Supporting people to live healthier lives
People had access to the GP and felt confident medical care would be given. However other aspects to support healthy lives, such as access to drinks to promote hydration, frequent and regular snacks for people at risk of weight loss and regular repositioning were not evident. There were limited activities for some people to promote wellbeing, therefore people were bored and unstimulated and staff did not have sufficient time or the initiative to speak with people. One person commented “The residents need stimulating.”
Permanent staff were keen to support people well but felt there were limited opportunities and time to do this. Staff told us that they were focusing on ensuring people had better access to fluids. Kitchen staff were keen to ensure people had access to good quality food and keen to develop their menu and were working alongside other stakeholders in this area.
The service had limited oversight of health needs. Clinical audits were in place to ensure oversight of people’s weight loss risk, wounds and other needs. However, it was not clear that these were effective and led to people’s needs being met. These were not being completed robustly and had not always led to the required action being taken or embedded.
Monitoring and improving outcomes
Feedback about people’s outcomes was missed. Some feedback was that people were putting on weight, receiving regular fluids and seemed to be improving although others raised significant concerns about how people were cared for. We found there was no clear oversight of day to day care such as personal care and repositioning, that people did not always have access to fluids and did not always receive a diet and support that was suitable to their nutritional needs. One person told us, “They write down everything we eat and keep an eye on it. In between breakfast and dinner, we are given tea, coffee or juice and biscuits.” Another person responded that, “That’s how it used to be, and all of a sudden it stopped. They’ve only just started putting it back on.”
Some staff were keen to improve outcomes for people and would escalate concerns when needed. However, it was not evident that all staff had a good understanding of people’s needs and were therefore unable to do this effectively.
The process in place to monitor and ensure people received good care was not being used effectively. Audits were being completed but this was not always done robustly and in a structured way and did not always lead to action being taken. Work to improve the provider oversight of the service had begun with the support of external stakeholders.
Consent to care and treatment
People did not raised concerns about how they were supported. However, we observed staff did not request consent before supporting people and did not knock on people’s bedrooms doors before entering.
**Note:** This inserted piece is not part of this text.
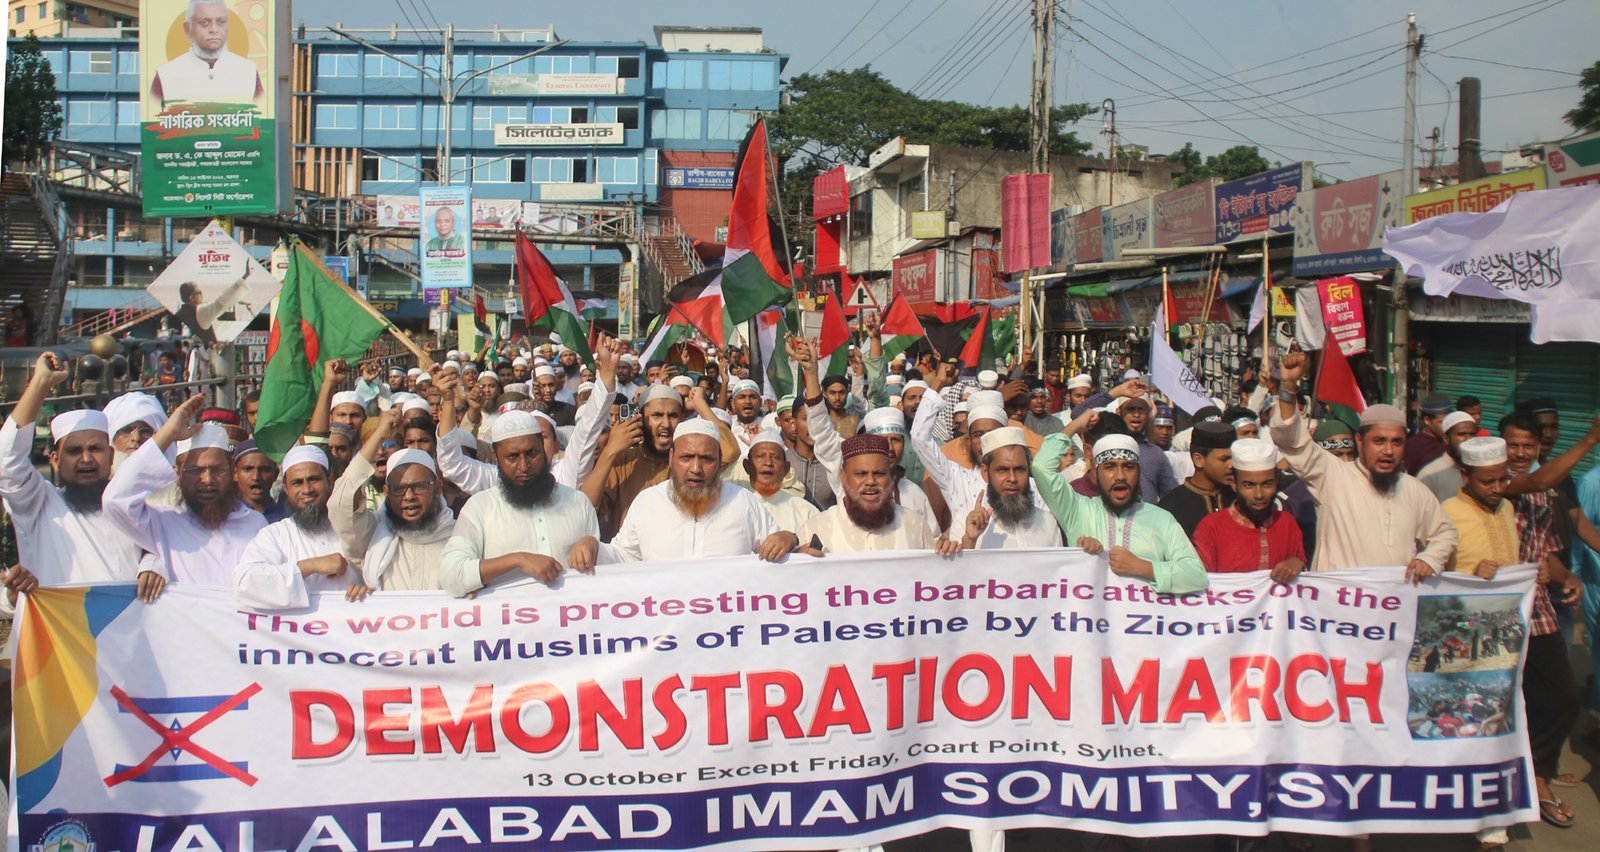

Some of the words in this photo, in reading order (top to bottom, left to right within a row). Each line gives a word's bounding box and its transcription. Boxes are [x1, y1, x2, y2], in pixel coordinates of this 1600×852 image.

No consent to care and treatment records were in place meaning that we could not be certain that people had been involved in decisions and given consent to the care they received.
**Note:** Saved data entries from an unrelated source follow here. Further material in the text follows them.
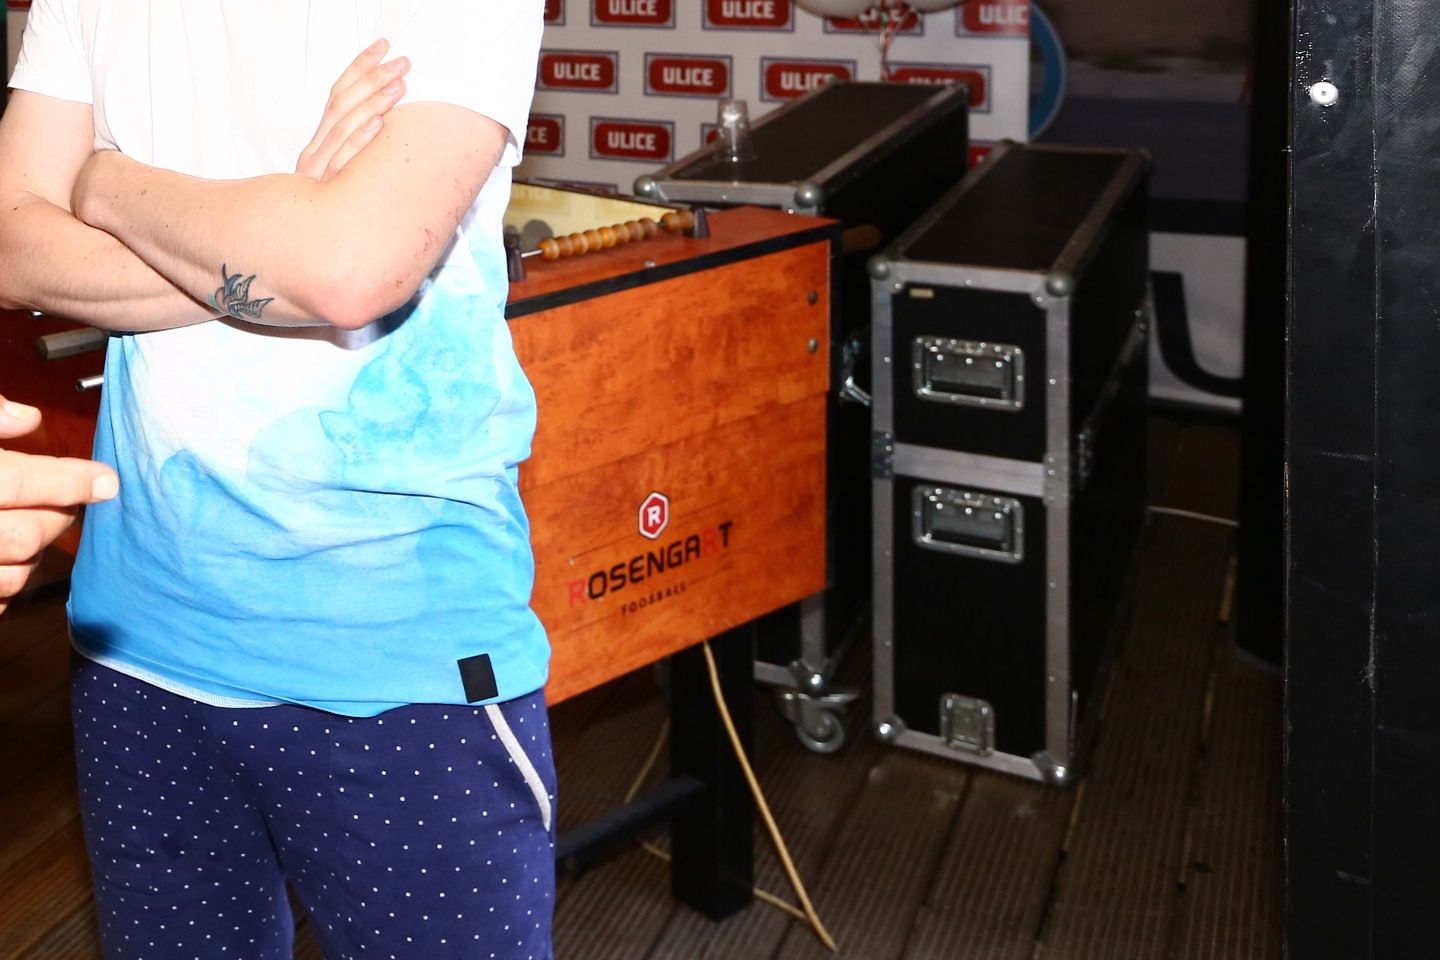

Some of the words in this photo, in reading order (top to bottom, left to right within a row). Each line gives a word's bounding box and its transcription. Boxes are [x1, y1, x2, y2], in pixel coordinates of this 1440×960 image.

[722, 1, 775, 19] ULICE
[979, 5, 1029, 24] ULIC
[554, 62, 601, 81] ULICE
[663, 67, 714, 86] ULICE
[608, 132, 656, 151] ULICE
[647, 505, 661, 527] R
[568, 521, 733, 608] ROSENGART
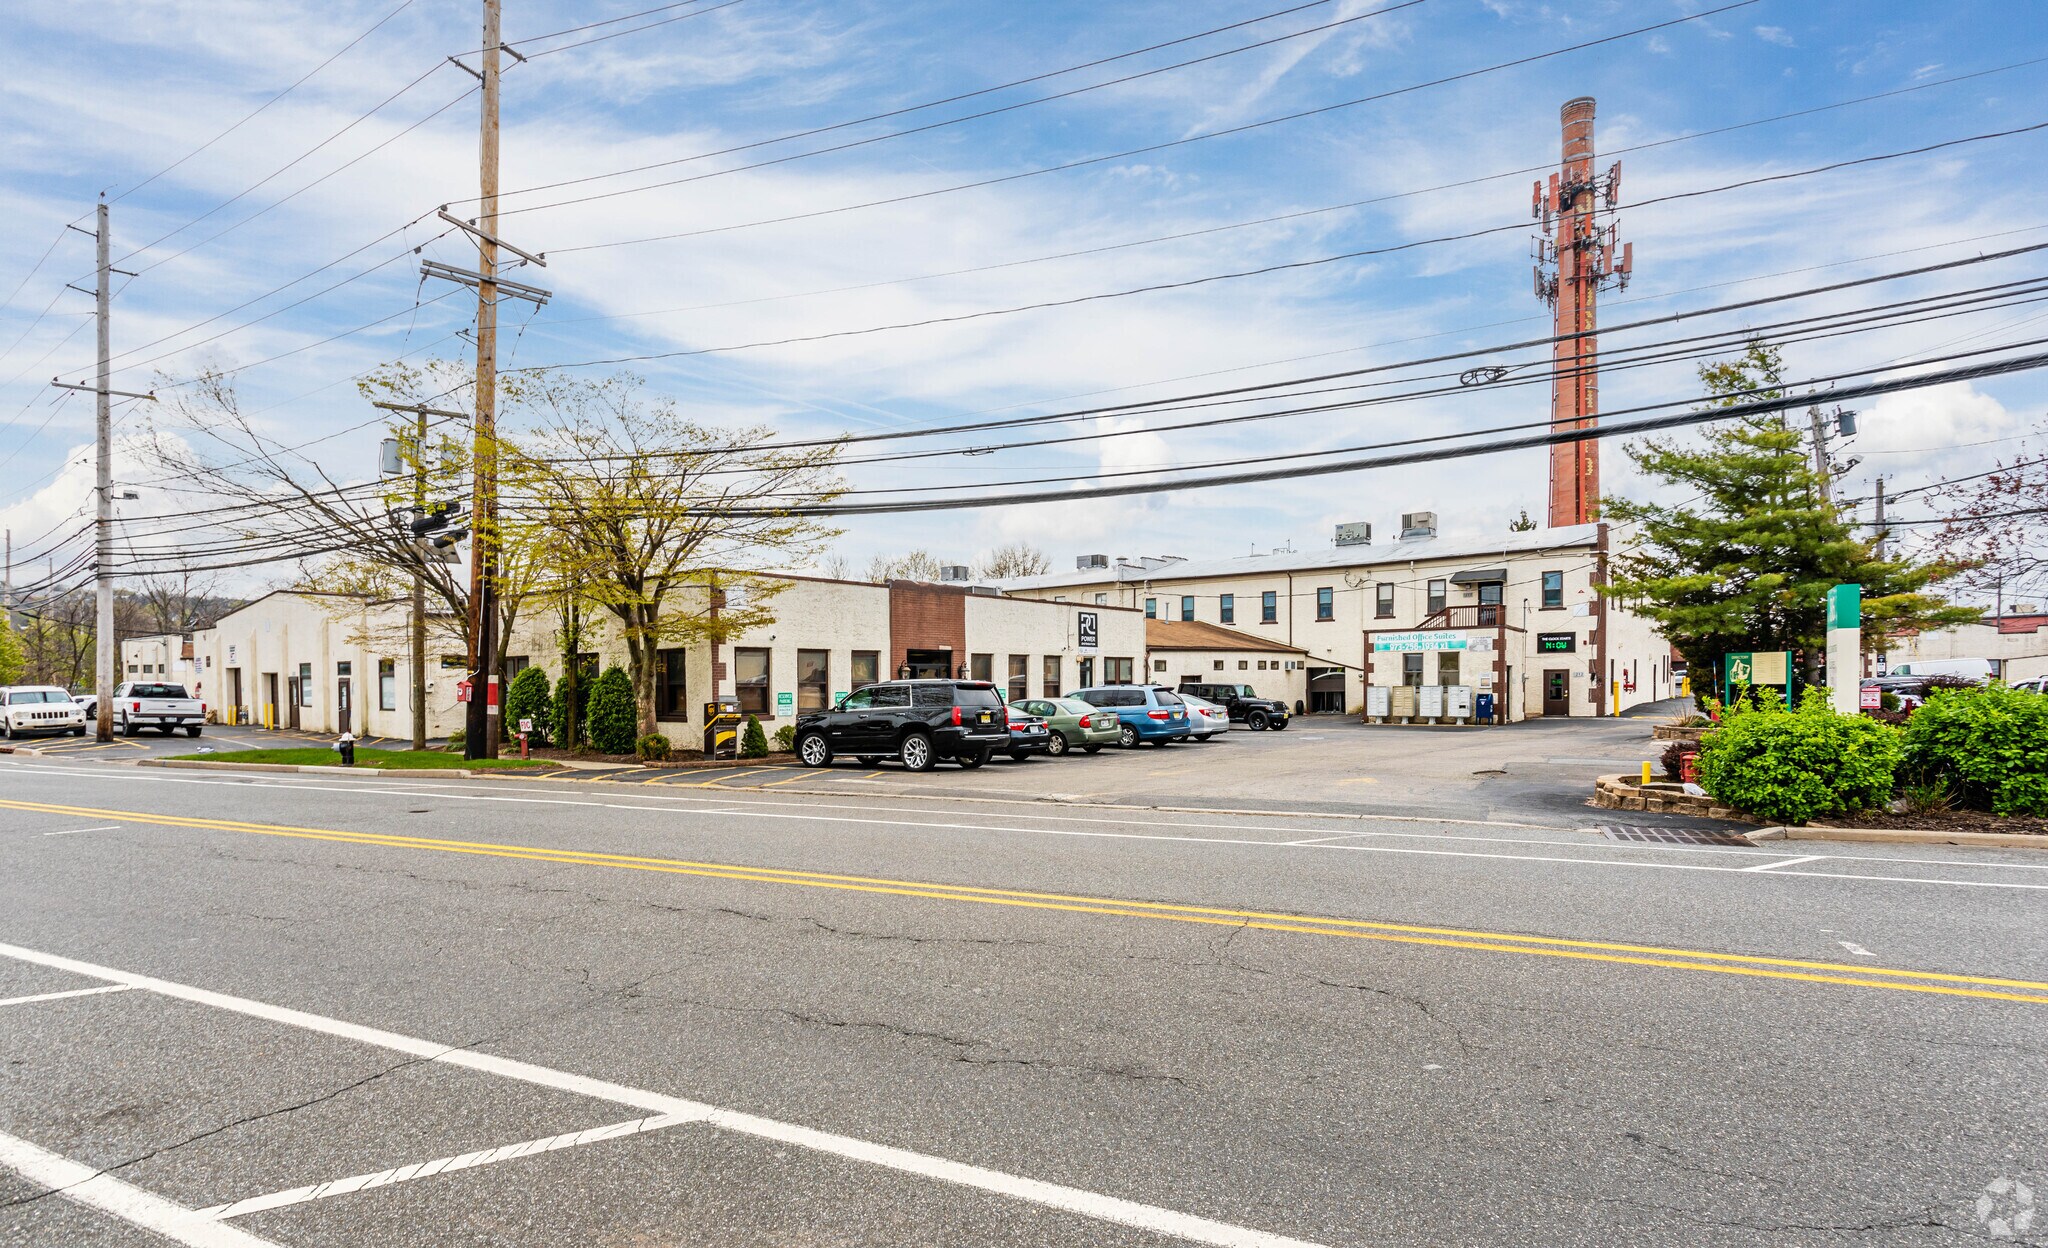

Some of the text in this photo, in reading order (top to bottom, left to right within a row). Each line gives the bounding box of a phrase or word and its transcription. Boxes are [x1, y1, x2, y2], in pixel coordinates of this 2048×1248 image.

[1376, 632, 1456, 642] Furnished Office Suites
Staff were unable to demonstrate they had a good understanding of the Mental Capacity Act (MCA) or Deprivation of Liberties Safeguards (DoLS).
Care records did not demonstrate how people and families had been involved in care planning or consent to care and there was no evidence of processes to ensure effective oversight in this area. Processes to ensure accurate records of Lasting Powers of Attorney (LPA) and DoLS authorisations were not being maintained. There was limited oversight to ensure people’s capacity had been assessed and that when people were found to lack capacity best interests’ decisions with the relevant involvement were undertaken and documented. The service was not working in line the requirements of the MCA.